• Problem requirements
Give all of the data again exactly as written, omitting every image.

** Extracted data follows **

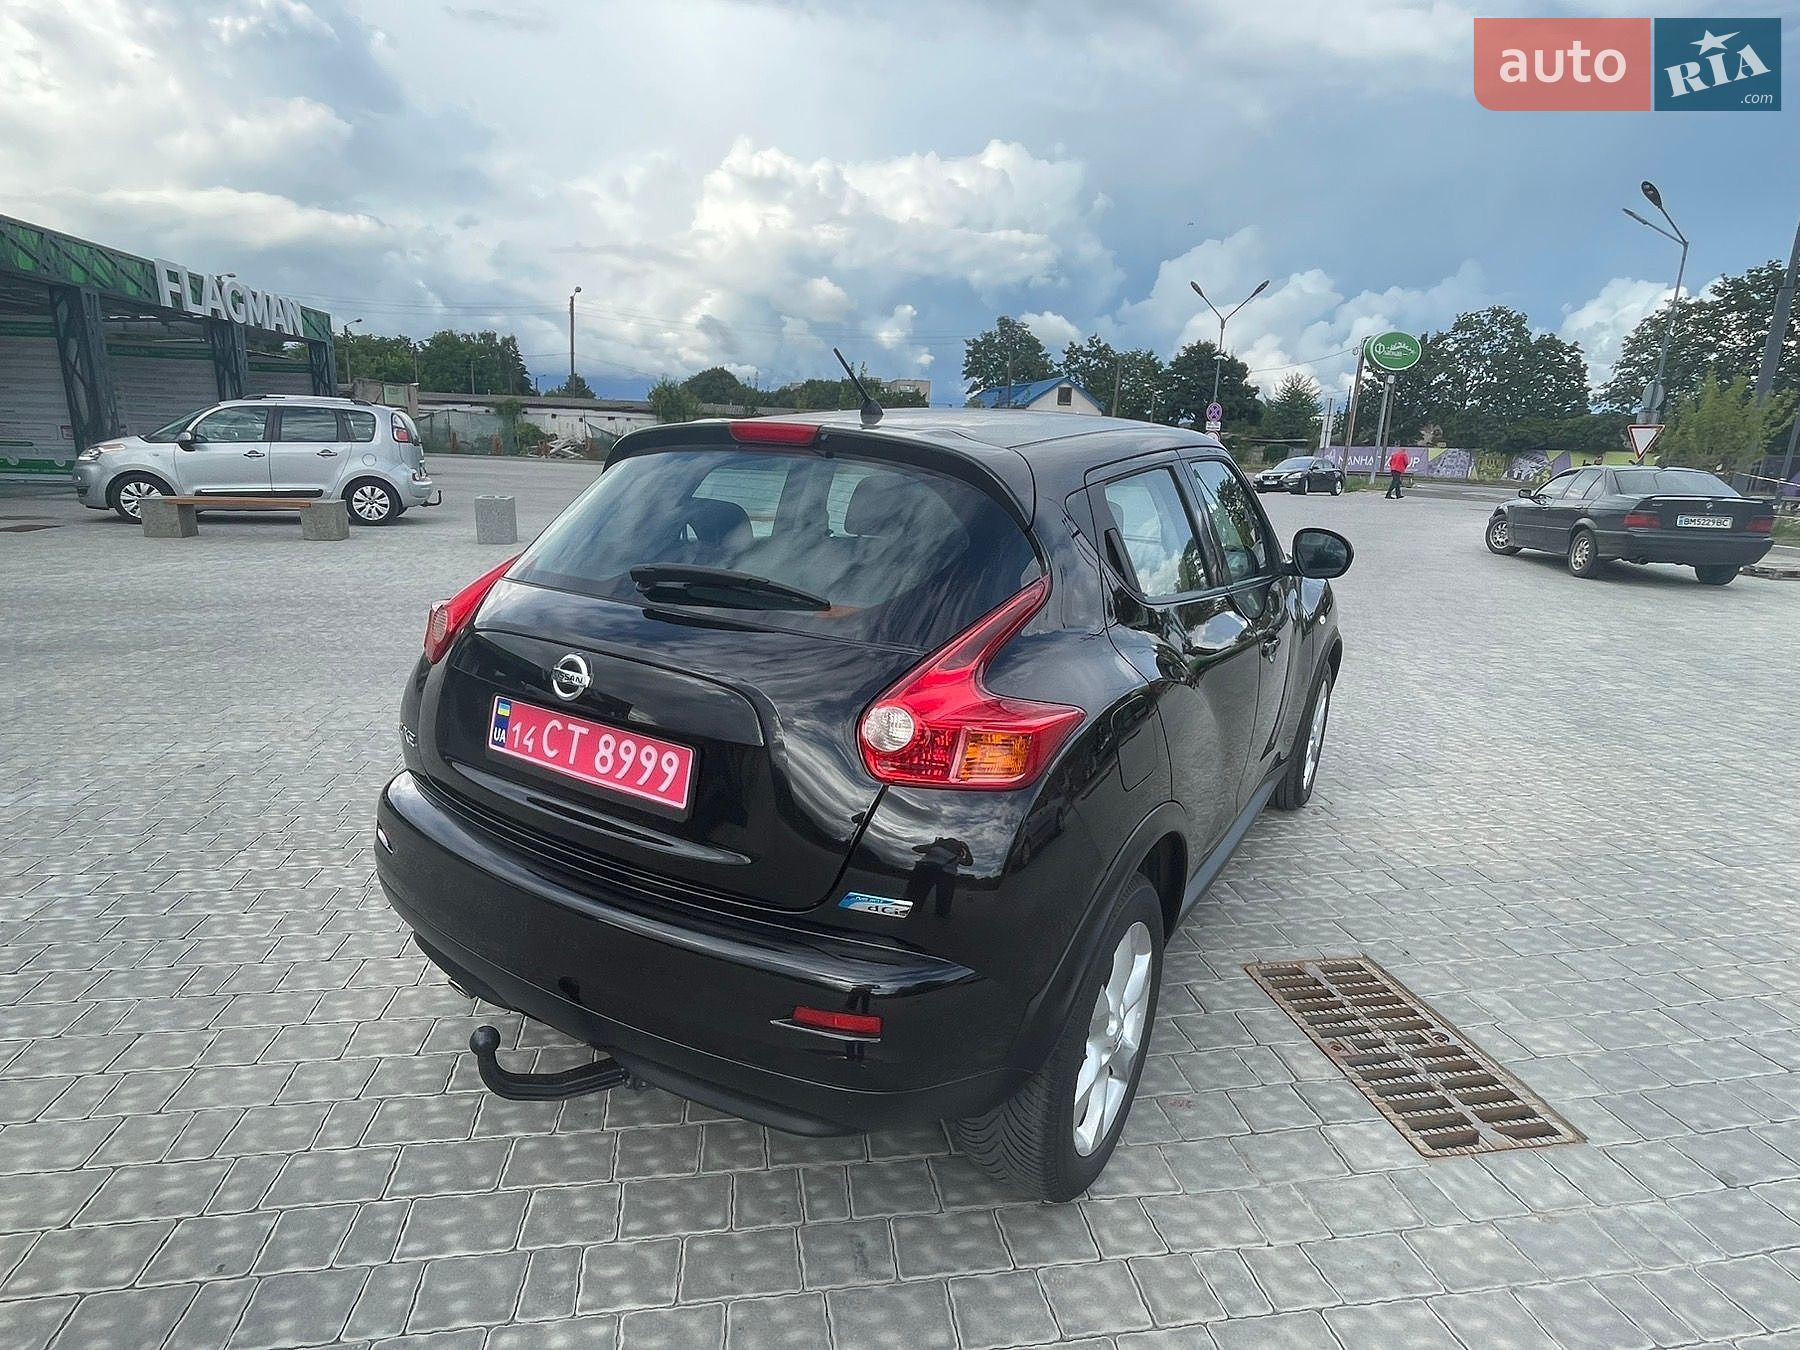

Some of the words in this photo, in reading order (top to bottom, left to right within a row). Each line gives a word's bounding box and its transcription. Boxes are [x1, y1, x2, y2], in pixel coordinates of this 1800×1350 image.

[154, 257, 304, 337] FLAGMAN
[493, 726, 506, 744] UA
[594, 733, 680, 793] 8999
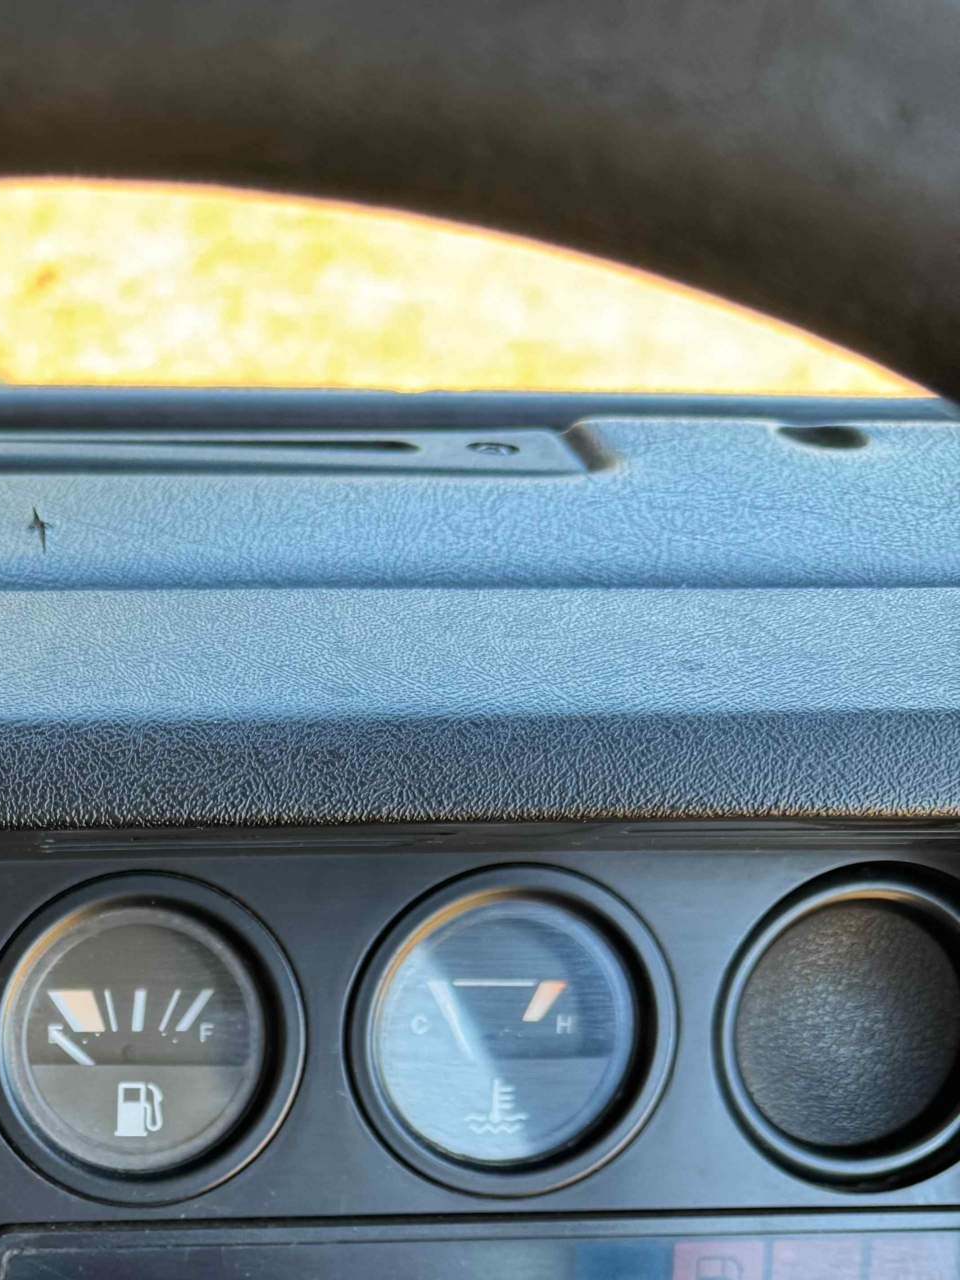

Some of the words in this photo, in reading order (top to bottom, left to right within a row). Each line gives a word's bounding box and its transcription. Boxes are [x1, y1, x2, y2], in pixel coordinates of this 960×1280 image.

** End of Extracted data **

• Result below
Some of the words in this photo, in reading order (top to bottom, left to right within a row). Each line gives a word's bounding box and its transcription. Boxes are [x1, y1, x2, y2], in pixel coordinates of this 1800×1350 image.

[154, 257, 304, 337] FLAGMAN
[493, 726, 506, 744] UA
[594, 733, 680, 793] 8999

Some of the words in this photo, in reading order (top to bottom, left to right within a row). Each line gives a word's bounding box and its transcription. Boxes are [x1, y1, x2, y2], in pixel coordinates of this 960×1280 image.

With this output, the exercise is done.